Fraud is everywhere. From phishing and spyware to identity theft and hacking, fraud comes at us from every angle, and scammers have more tools at their disposal than ever before. It impacts our personal lives and puts every business in every industry at risk.
DAT is no different. As the operator of North America’s largest on-demand freight marketplace, DAT and our customers are targets for would-be scammers. Over the course of four decades, we’ve built, evolved, and replaced systems to safeguard both our user network and our own internal systems.
But just like in any other platform-based business, criminals attempt to use our network for fraud. That’s where our Network Integrity Unit (NIU) comes in. This includes our Network Governance team of experts who govern North America’s largest on-demand freight marketplace, delivering a secure platform to our valued customers and the freight industry. They meticulously vet DAT user accounts, investigate fraud allegations, and promptly responds to any claims of “bad players” within our network. The NIU also includes teams that oversee internal cybersecurity and others that develop data science to detect and stop fraud before it happens.

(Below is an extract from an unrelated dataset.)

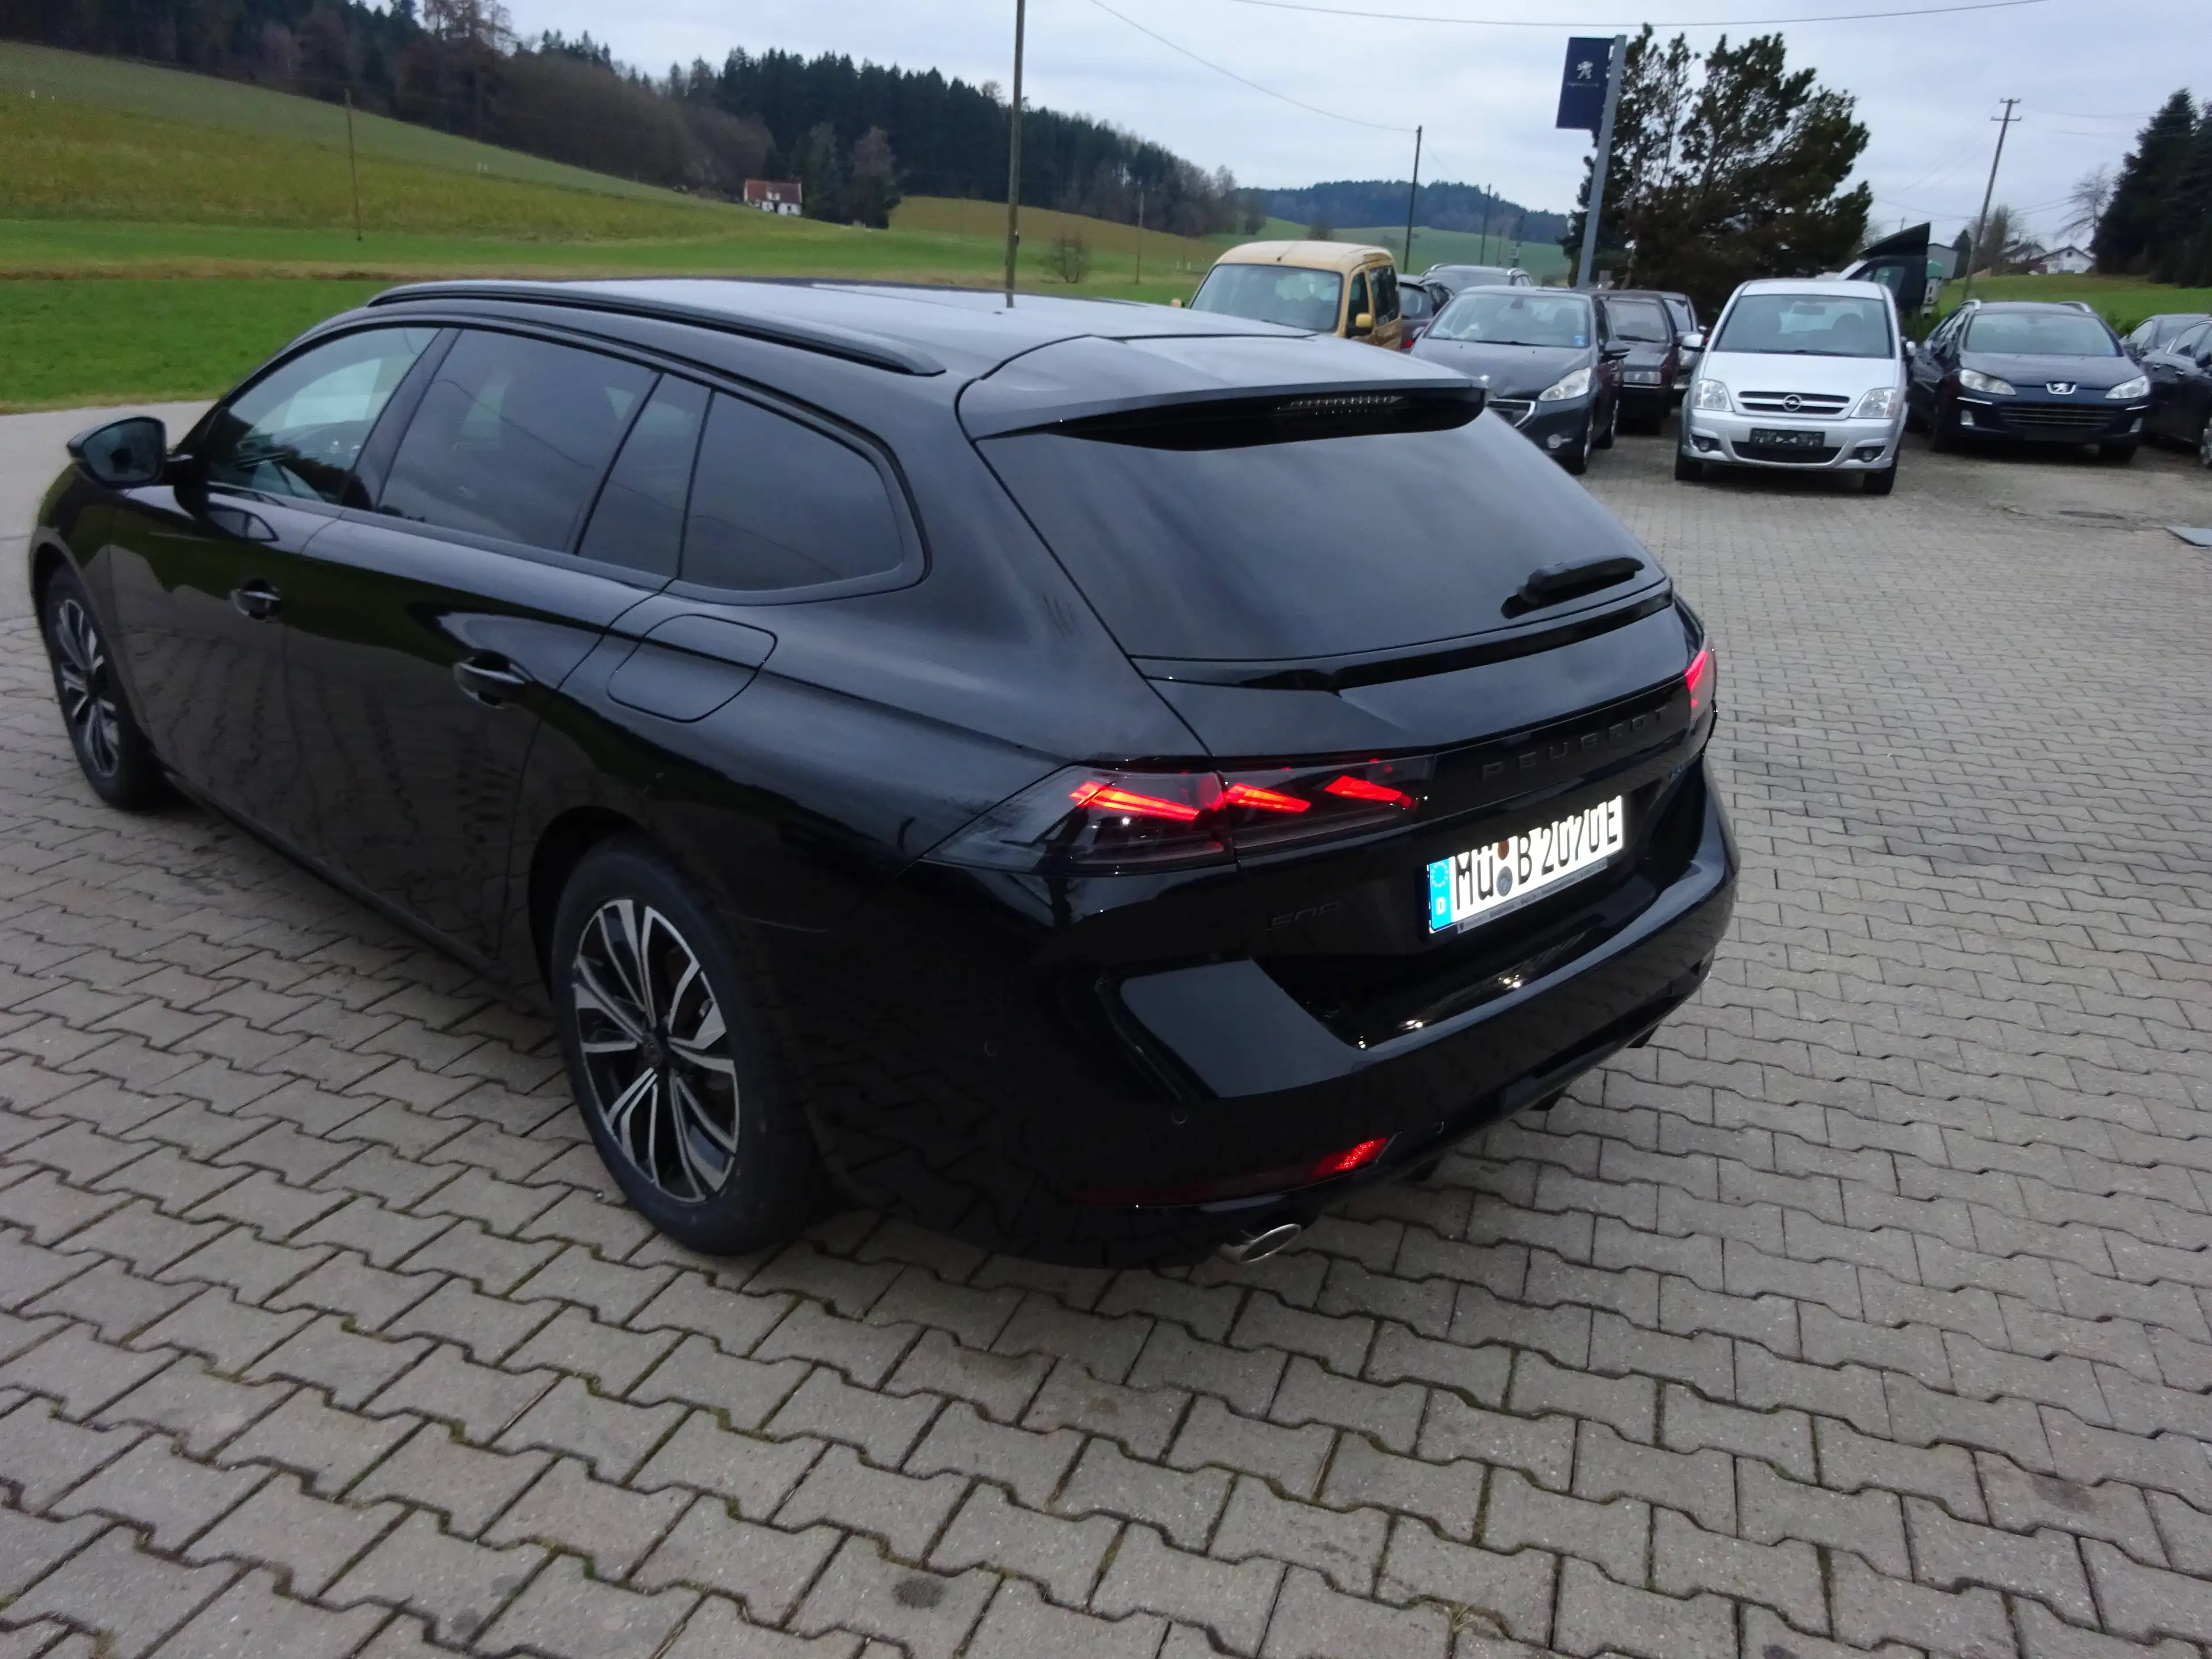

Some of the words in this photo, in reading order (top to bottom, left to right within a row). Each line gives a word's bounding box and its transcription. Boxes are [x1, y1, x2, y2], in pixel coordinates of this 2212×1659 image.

[1482, 706, 1667, 779] PEUGEOT
[1517, 832, 1532, 886] B
[1541, 796, 1619, 876] 2070E
[1435, 896, 1446, 915] D

While this team has been recognized by law enforcement multiple times for our role in taking down cargo fraud operations, they have largely operated behind the scenes up to this point. As fraud and cybercrime has exploded worldwide across all industries, the team’s efforts to keep our customers safe has garnered more attention.

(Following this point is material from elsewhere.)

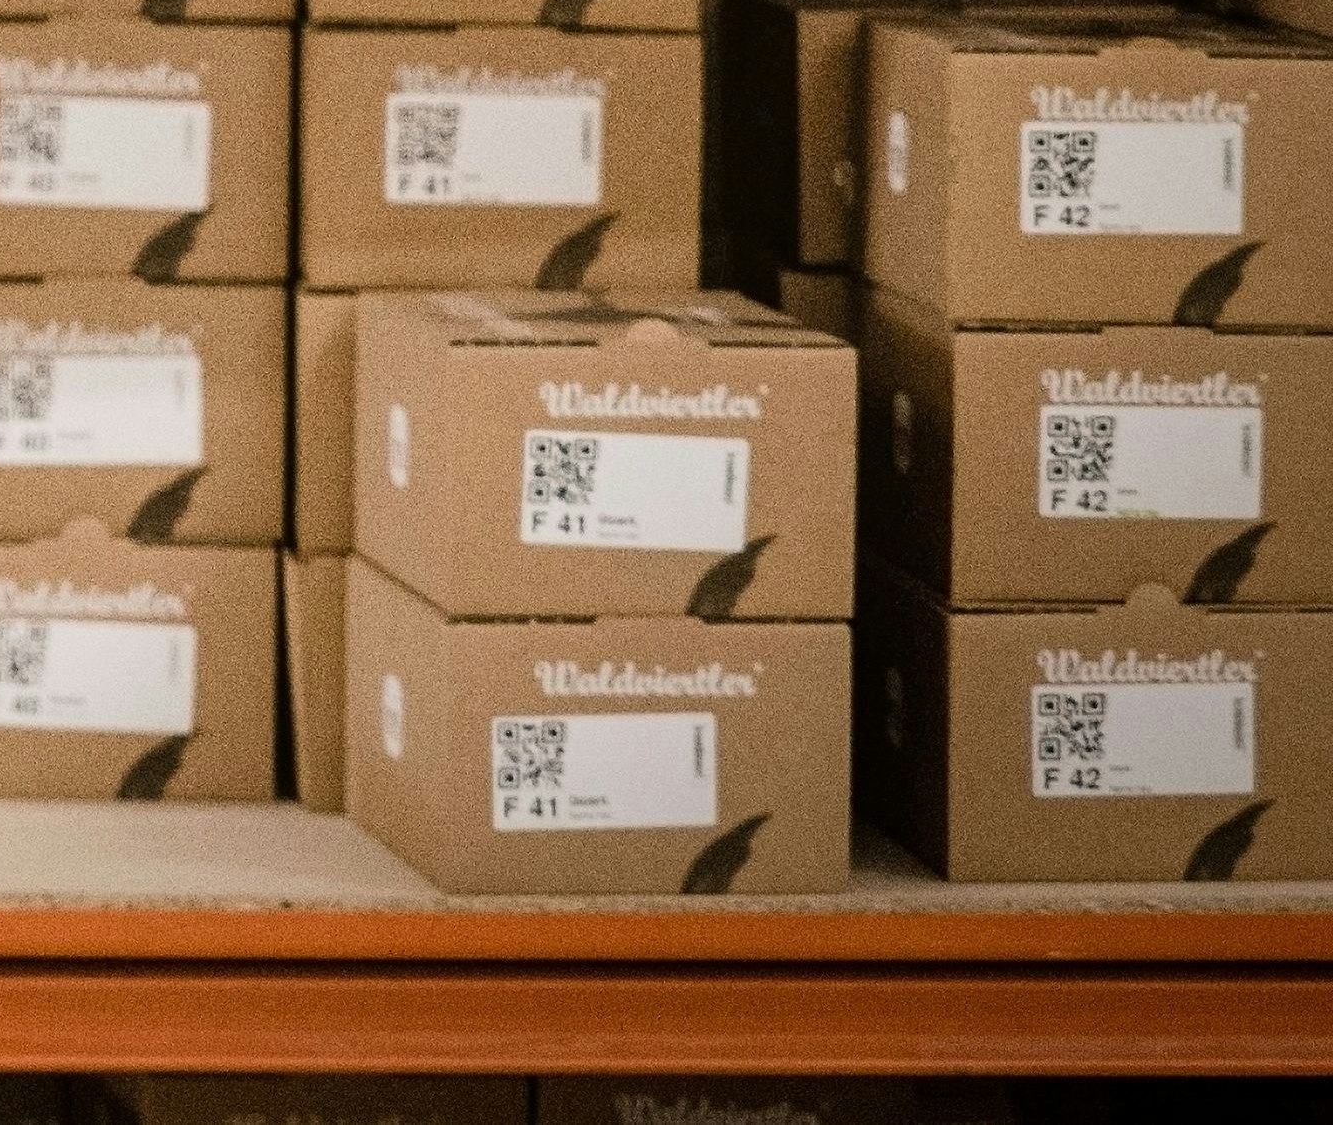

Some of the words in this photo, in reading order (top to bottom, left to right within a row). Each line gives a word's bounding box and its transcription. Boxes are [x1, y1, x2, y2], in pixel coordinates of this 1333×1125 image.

DAT also partnered with a leading cybersecurity consulting firm, who conducted a thorough assessment and found no evidence of any security breaches. We’re investing in resources and technology to maintain this security and go even further in combating fraud.
To that end, the DAT NIU has grown by 150% in the past two years. We continue to invest as a top priority to ensure we have the most highly trained people with the most sophisticated capabilities to prevent fraud and respond quickly and intelligently when it does happen.
What we’ve done to combat fraud
As an industry leader for more than four decades, we’ve put in a lot of miles when it comes to fighting fraud, with 100% of bad actor claims resolved by our Network Integrity Unit. Those efforts have kicked into overdrive in the past several months.
Along with our typical security measures, we’ve instituted new policies, which include:
- Strengthening our monitoring and authentication, including resetting customers’ passwords with new requirements
- Blocking access from numerous foreign countries known to have these issues
- Fortifying our security tools, policies and procedures
- Strengthening bot prevention
- Blocking credit cards of known bad actors
That’s what we’re doing in the background, but we also provide tools that allow users to quickly and accurately vet potential business partners.
- CarrierWatch: A searchable database of more than 500,000 transportation companies used to verify and monitor changes in MC authority, safety ratings, insurance status, and more.
- DAT Directory: A comprehensive list of all DAT customers where companies can verify phone numbers, addresses, DAT numbers, and more in order to avoid phishing attempts. Users can also read and write company reviews.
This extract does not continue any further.